Indian surgeons remove 'heaviest recorded' brain tumour

Published February 22, 2018
This handout picture released by the Department of Neurosurgery Topiwala National Medical College, Nair Hospital shows 31-year-old Santlal Pal with relatives after surgeons removed the brain tumour.—AFP
This handout picture released by the Department of Neurosurgery Topiwala National Medical College, Nair Hospital shows 31-year-old Santlal Pal with relatives after surgeons removed the brain tumour.—AFP

Indian surgeons who removed a massive brain tumour in a marathon seven-hour procedure said on Thursday it could be the heaviest ever recorded.

Santlal Pal, a 31-year-old shopkeeper, had been carrying around a tumour weighing nearly two-kilo grammes before the surgery on February 14.

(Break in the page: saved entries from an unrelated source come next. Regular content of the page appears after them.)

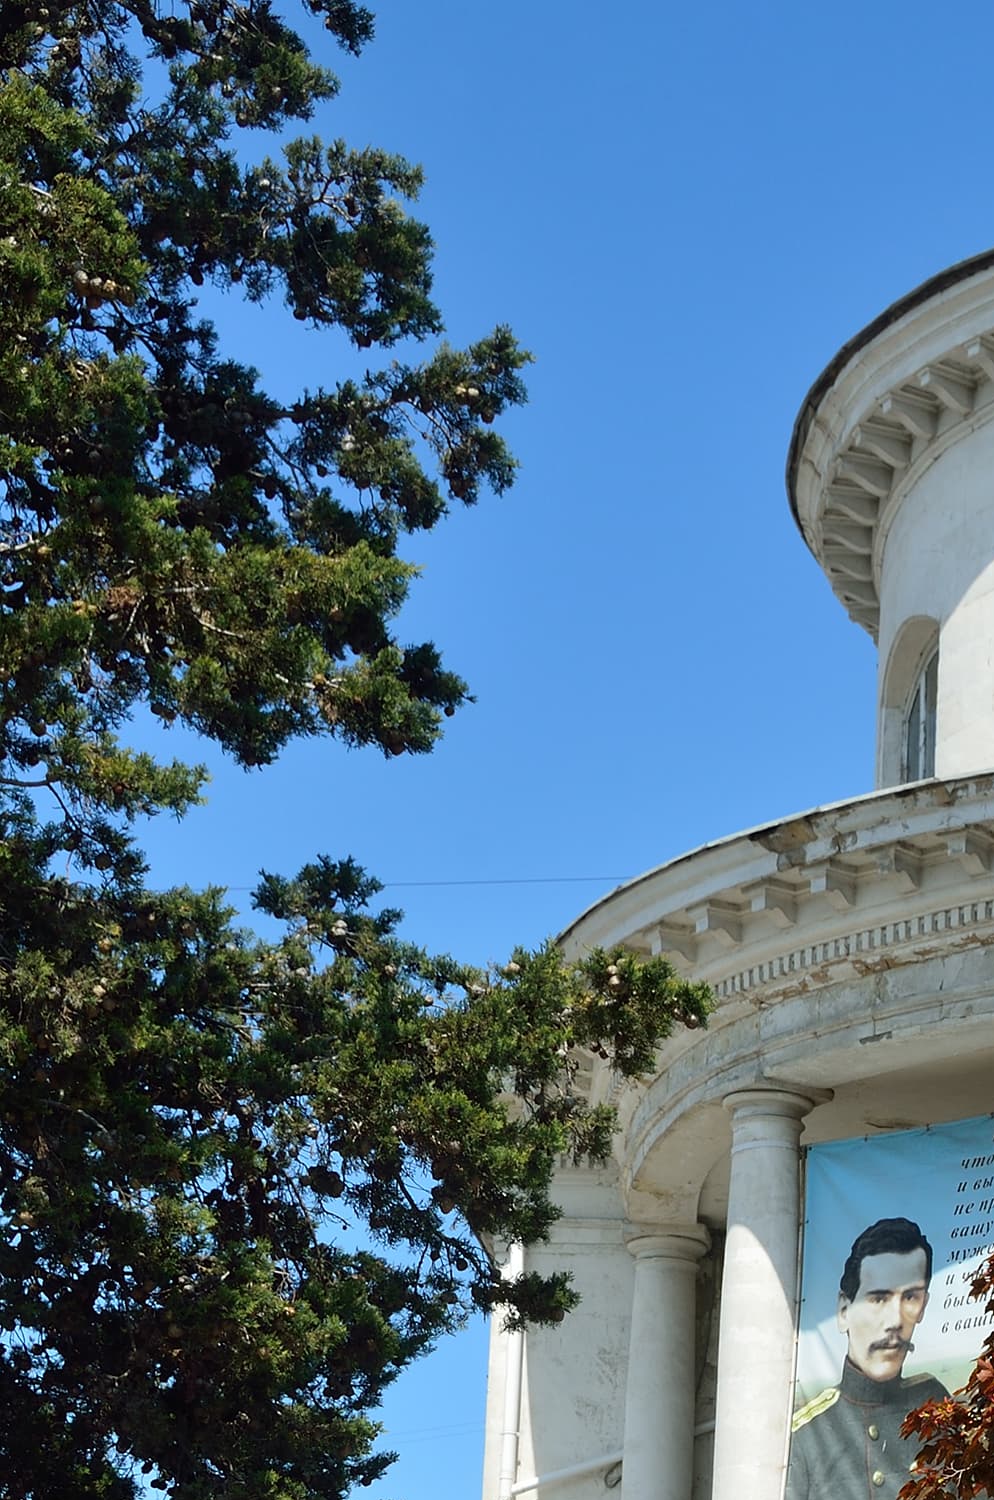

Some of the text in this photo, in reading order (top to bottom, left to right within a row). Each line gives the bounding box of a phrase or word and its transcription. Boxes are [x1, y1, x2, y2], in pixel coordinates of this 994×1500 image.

[957, 1182, 967, 1193] и
[973, 1177, 994, 1190] вы
[953, 1203, 975, 1216] не
[951, 1221, 994, 1239] вашу
[941, 1321, 950, 1334] в

Doctors at Mumbai's BYL Nair hospital where he was treated said the tumour was so large that “it appeared as if he had two heads mounted on top of each other”. “It was an extremely daunting and complex surgery,” the hospital's head of neurosurgery Trimurti Nadkarni told AFP.

He said the operation took seven hours to complete and the patient required 11 units of blood. “After the patient regained consciousness, we researched and concluded this was the world's heaviest tumour to be reported so far,” he added.

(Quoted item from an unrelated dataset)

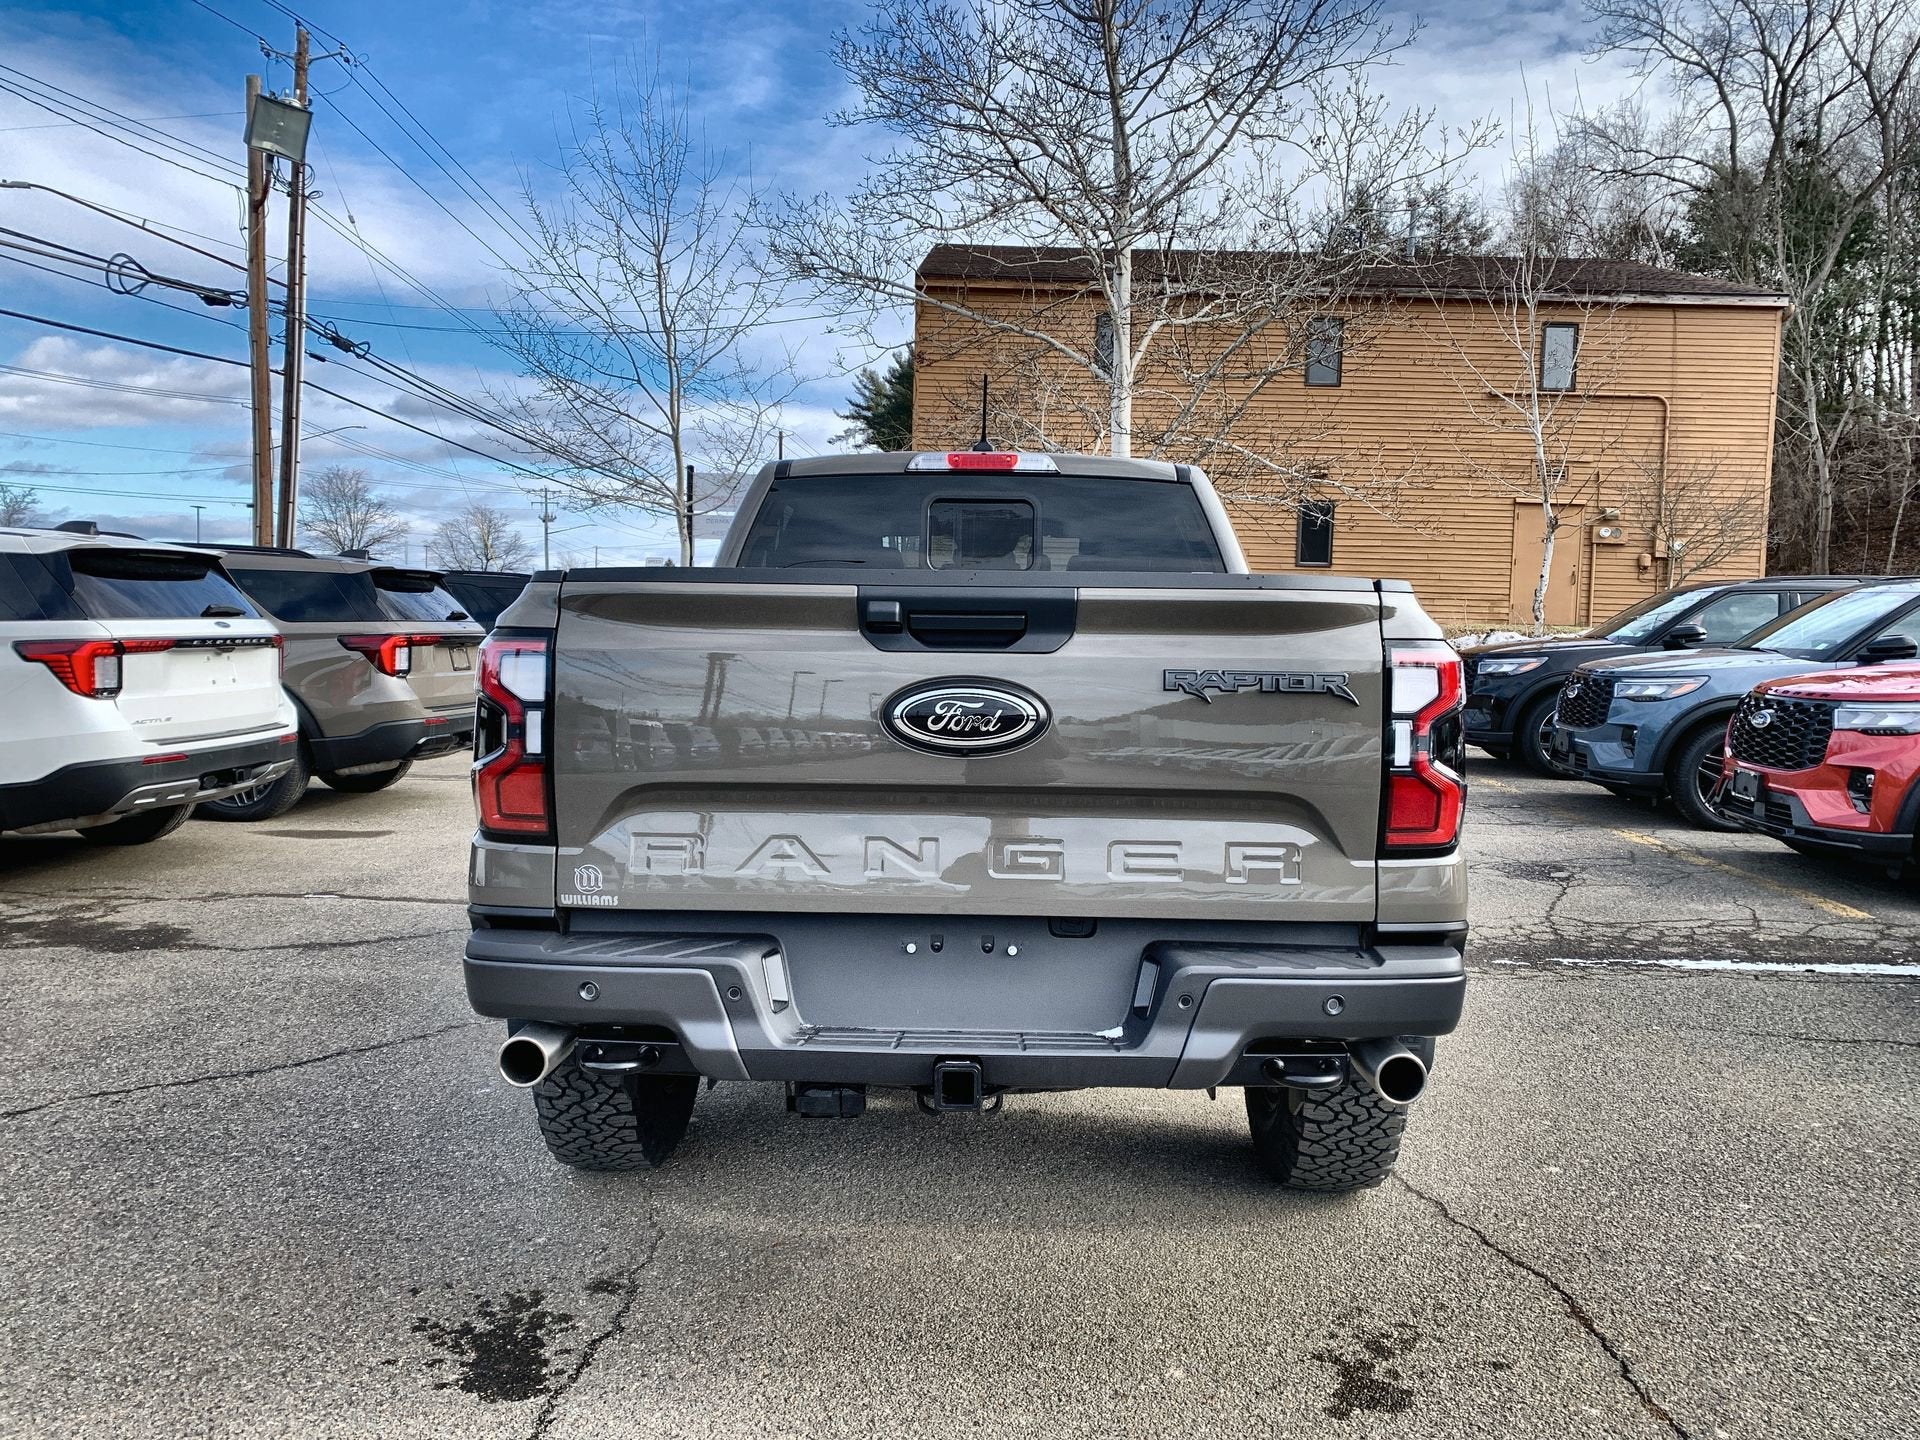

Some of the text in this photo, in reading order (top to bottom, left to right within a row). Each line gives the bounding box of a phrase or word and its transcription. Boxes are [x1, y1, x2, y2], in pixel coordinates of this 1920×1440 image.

[1163, 669, 1360, 706] RAPTOR
[927, 699, 1004, 732] Ford
[629, 832, 1304, 886] RANGER
[560, 894, 619, 906] WILLIAMS

The tumour weighed 1.87kgs [four pounds], making it the heaviest ever to be successfully removed from a surviving patient, according to a hospital statement. “It was a rare operation and the patient has survived. Before the surgery, he had minimal vision, which may improve now,” Nadkarni said.

The hospital said the patient had made a good recovery and was now walking and eating normally. The previous heaviest tumour to be successfully excised from a patient who survived the procedure was 1.4kgs, it said.